Uber is saying no to rude passengers in Australia and New Zealand.
Customers with consistently low ratings can now be removed from the app, according to community guidelines that were updated Wednesday. Riders will receive several warnings before they are blocked.
"The average Aussie is extremely friendly," Susan Anderson, Uber's general manager for Australia and New Zealand, said in an interview with CNN affiliate Channel 7. "These are the small percentage of riders who are not treating drivers with respect."
Channel 7 reported that users with ratings of four stars or below were at risk of being removed. Anderson said the average Australian passenger has a score of at least 4.5 stars.
Uber drivers rate passengers on a scale of one to five stars, and the score is based on an average of the previous 500 trips.

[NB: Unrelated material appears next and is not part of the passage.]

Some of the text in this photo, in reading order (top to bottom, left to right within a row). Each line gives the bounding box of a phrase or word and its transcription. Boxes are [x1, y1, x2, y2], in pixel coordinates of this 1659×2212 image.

"To get a rating of 4.0 and below you need to have a number of one-star ratings," Anderson said.
Riders with suspended accounts won't be able to use the Uber or the Uber Eats apps.
The new policy goes into effect September 19.

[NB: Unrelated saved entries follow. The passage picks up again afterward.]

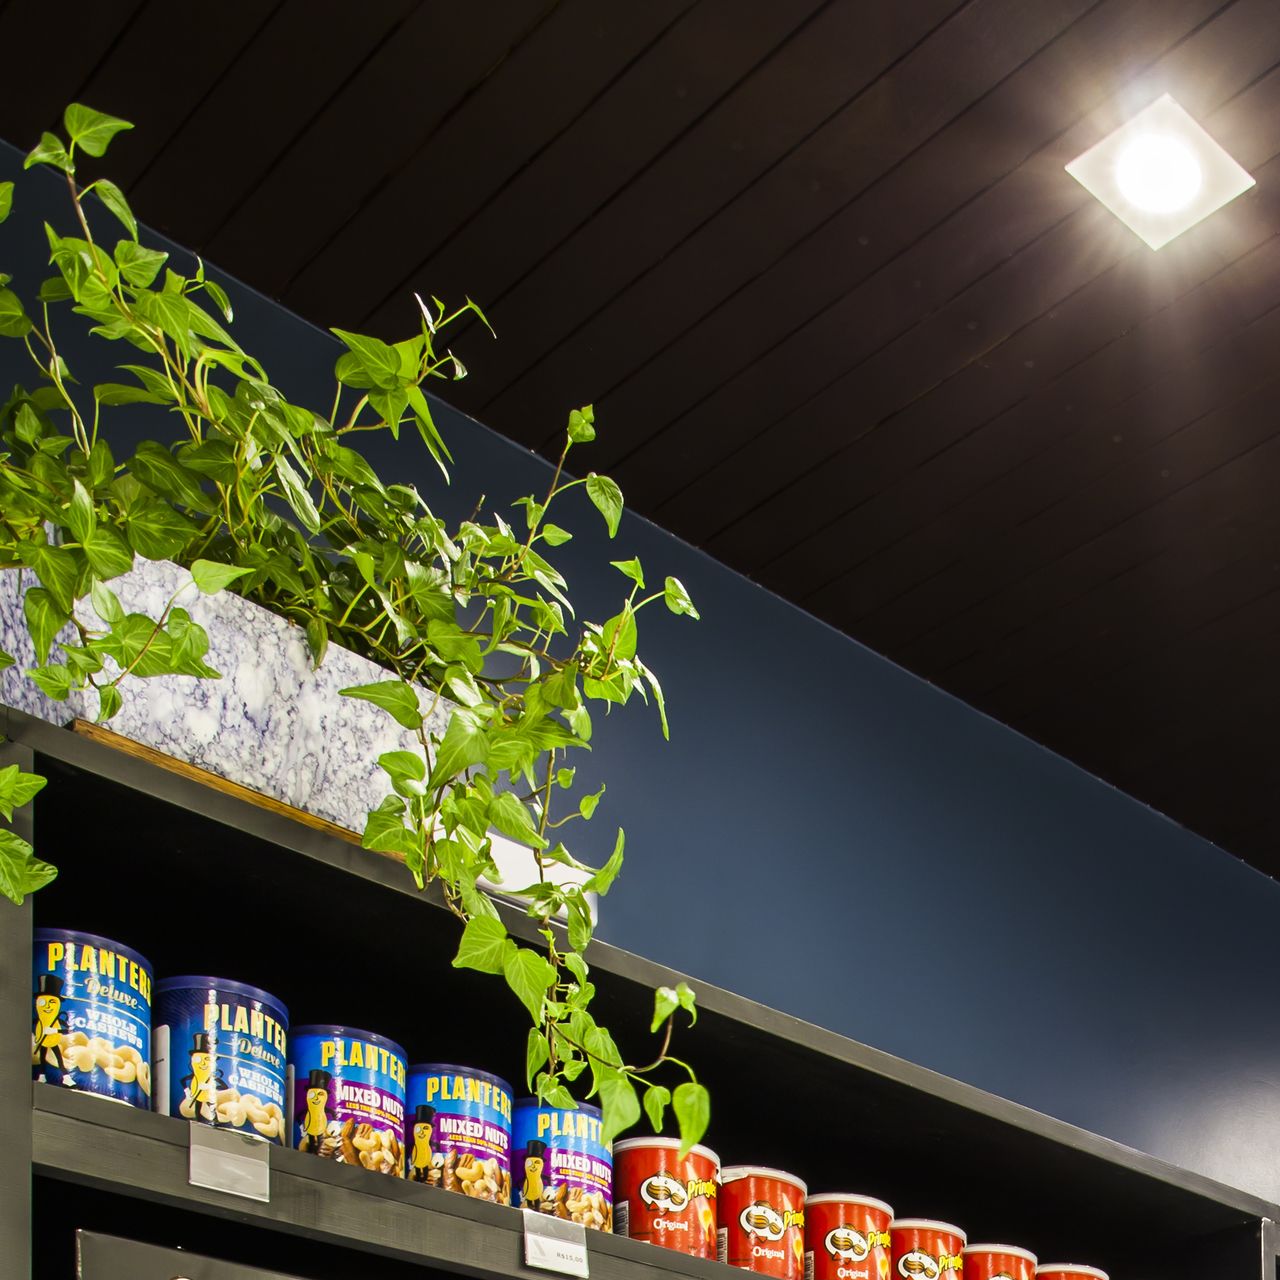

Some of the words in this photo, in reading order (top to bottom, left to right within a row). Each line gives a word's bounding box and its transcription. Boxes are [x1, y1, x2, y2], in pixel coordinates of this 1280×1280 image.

[84, 977, 139, 1011] Deluxe
[72, 1015, 143, 1049] CASHEWS
[86, 1008, 137, 1035] WHOLE
[238, 1037, 282, 1068] Deluxe
[321, 1041, 405, 1092] PLANTER
[239, 1067, 280, 1092] WHOLE
[337, 1084, 381, 1108] MIXED
[383, 1095, 404, 1121] NUTS
[440, 1117, 483, 1137] MIXED
[485, 1126, 508, 1150] NUTS
[551, 1152, 592, 1173] MIXED
[592, 1160, 612, 1184] NUTS
[653, 1217, 689, 1232] Original
[752, 1246, 785, 1260] Original
[837, 1267, 868, 1280] Original

In a company blog post, Uber said it was sharing tips on how to be a better passenger with Australian and New Zealand riders "who have seen a lower than average rating."
Leaving trash in the car, not being at the pick-up location when drivers arrive and being rude or discourteous can all drive down riders' ratings.
"Drivers tell us that what they look for in riders is mutual respect and for people to treat them with courtesy," said Anderson. "So say hello, say goodbye. You don't always need to be chatty, but be respectful."
Uber did not immediately respond to a request for more details.
The company has about 2.8 million users in Australia and New Zealand.